[Problem]:
Copy the lines below, beginning with the one that contains "this 1500×1334 image." and continuing through the final line, exactly as written and with no other lines.

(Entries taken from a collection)
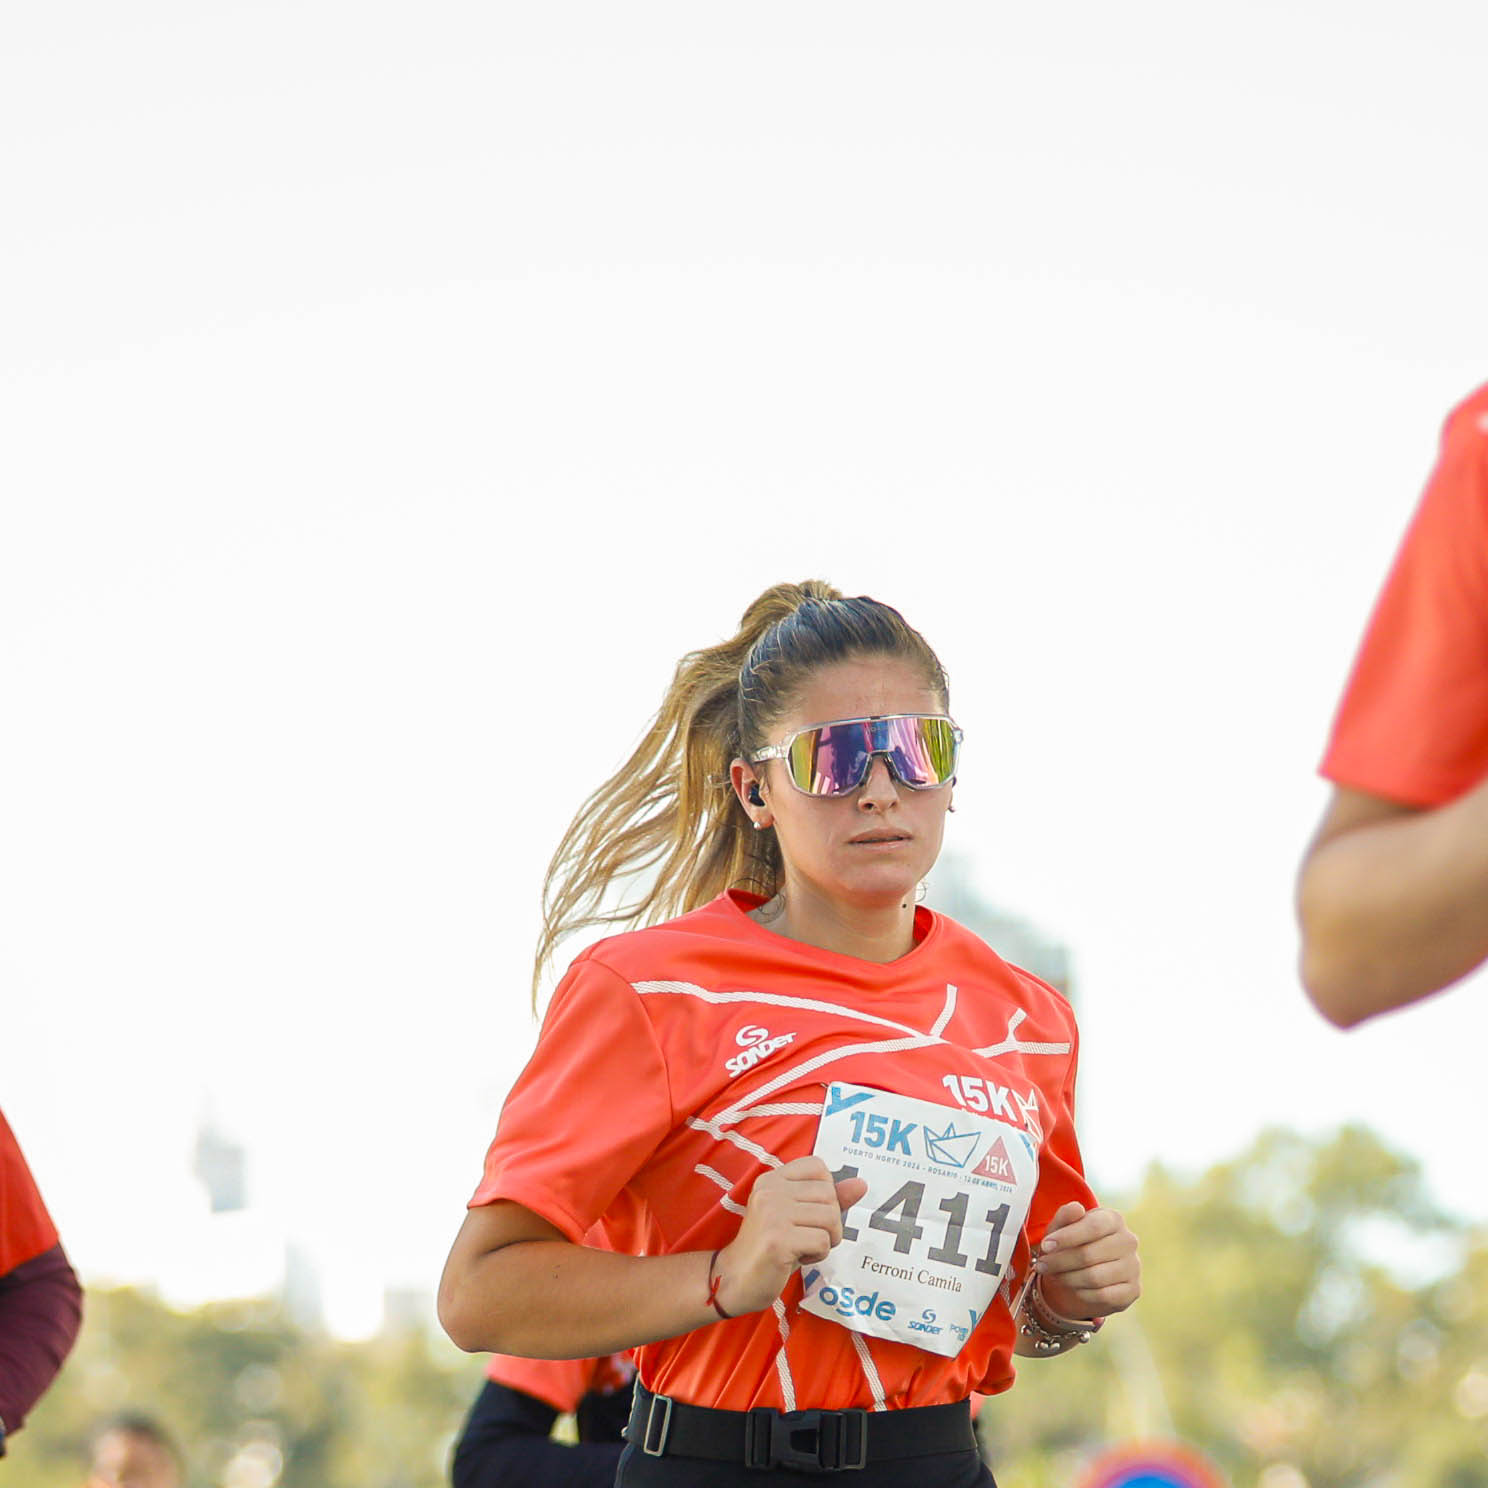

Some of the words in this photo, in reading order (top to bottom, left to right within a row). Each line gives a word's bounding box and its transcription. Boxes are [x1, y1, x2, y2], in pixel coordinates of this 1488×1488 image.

[941, 1073, 1019, 1123] 15K
[849, 1110, 918, 1157] 15K
[842, 1146, 874, 1160] PUERTO
[876, 1154, 900, 1166] NORTE
[928, 1166, 958, 1180] ROSARIO
[984, 1154, 1009, 1177] 15K
[860, 1255, 914, 1281] Ferroni
[917, 1269, 963, 1293] Camila
[818, 1286, 897, 1322] osde
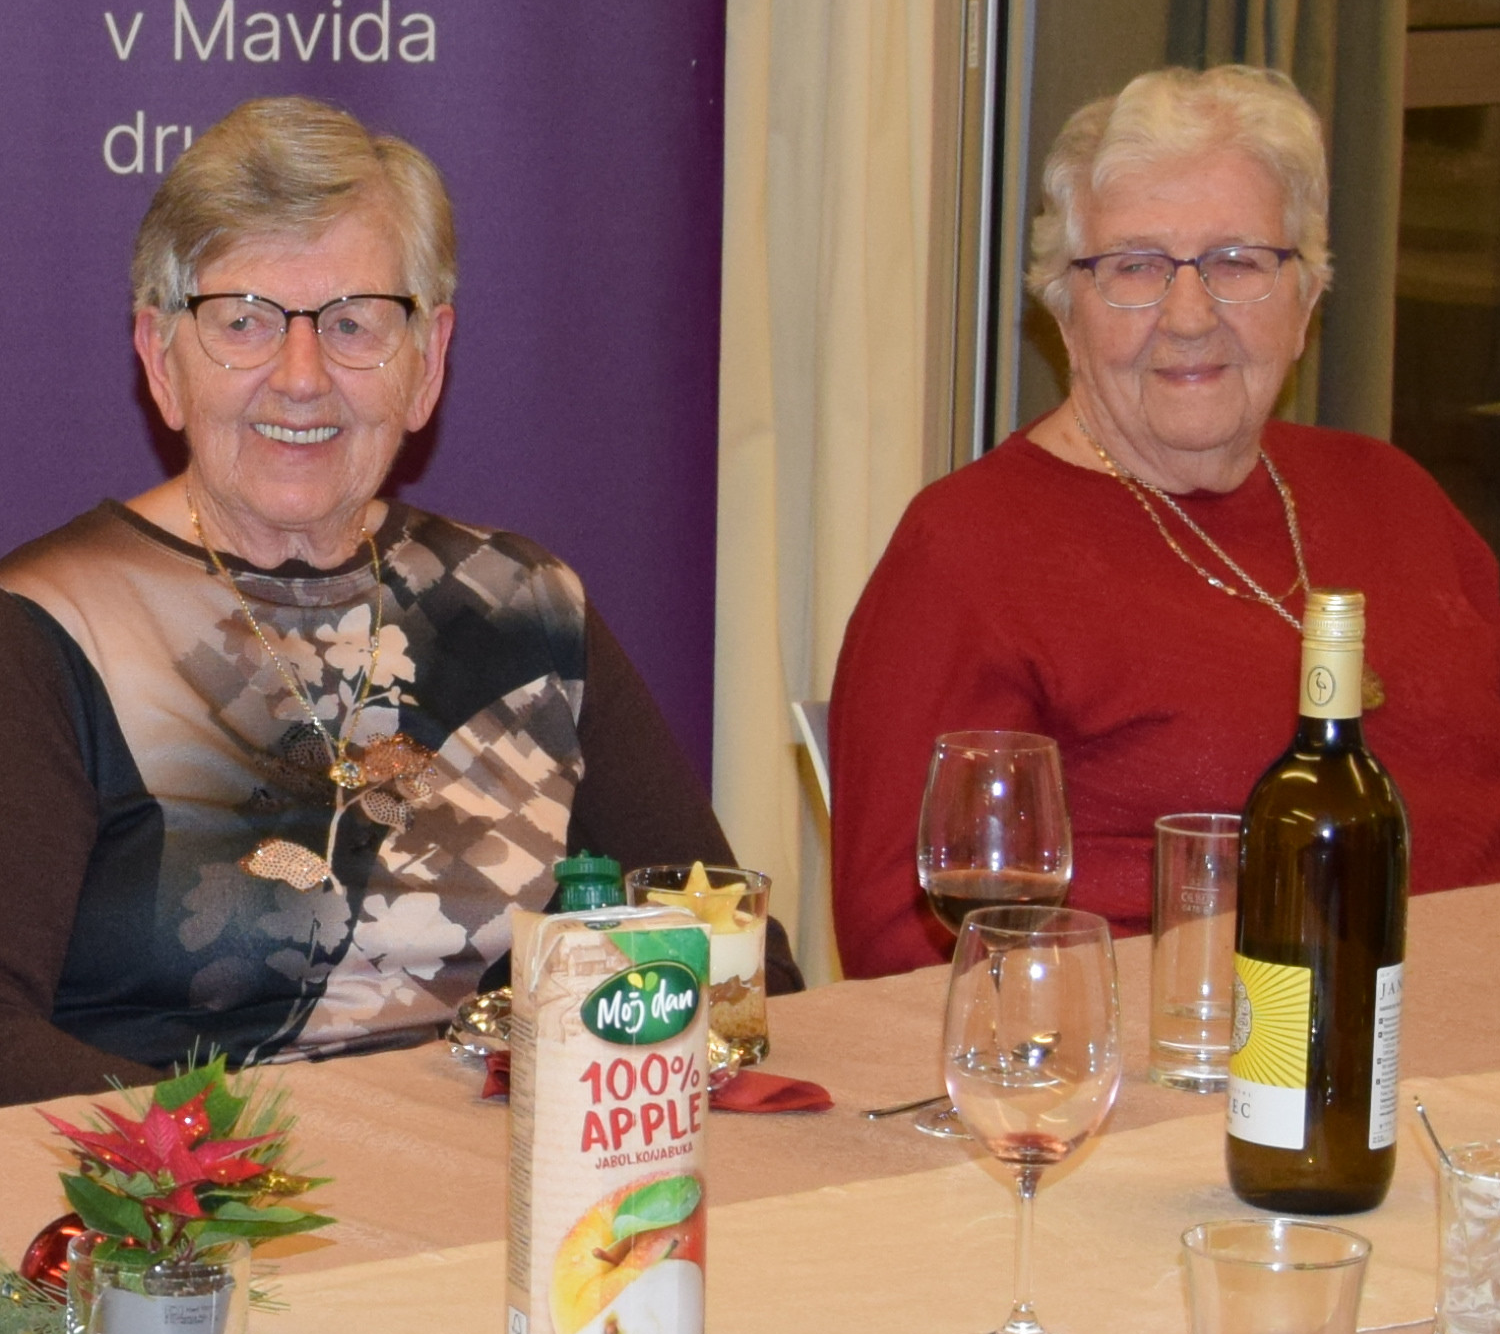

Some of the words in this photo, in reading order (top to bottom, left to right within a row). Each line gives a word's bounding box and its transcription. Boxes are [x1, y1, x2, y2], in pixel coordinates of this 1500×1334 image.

[105, 12, 143, 62] v
[103, 110, 192, 175] dr
[596, 989, 645, 1035] Moj
[650, 979, 694, 1024] dan
[579, 1052, 701, 1105] 100%
[580, 1091, 702, 1153] APPLE

[Solution to the problem]:
Some of the words in this photo, in reading order (top to bottom, left to right within a row). Each line gives a word's bounding box and its transcription. Boxes are [x1, y1, x2, y2], in pixel coordinates of this 1500×1334 image.

[105, 12, 143, 62] v
[103, 110, 192, 175] dr
[596, 989, 645, 1035] Moj
[650, 979, 694, 1024] dan
[579, 1052, 701, 1105] 100%
[580, 1091, 702, 1153] APPLE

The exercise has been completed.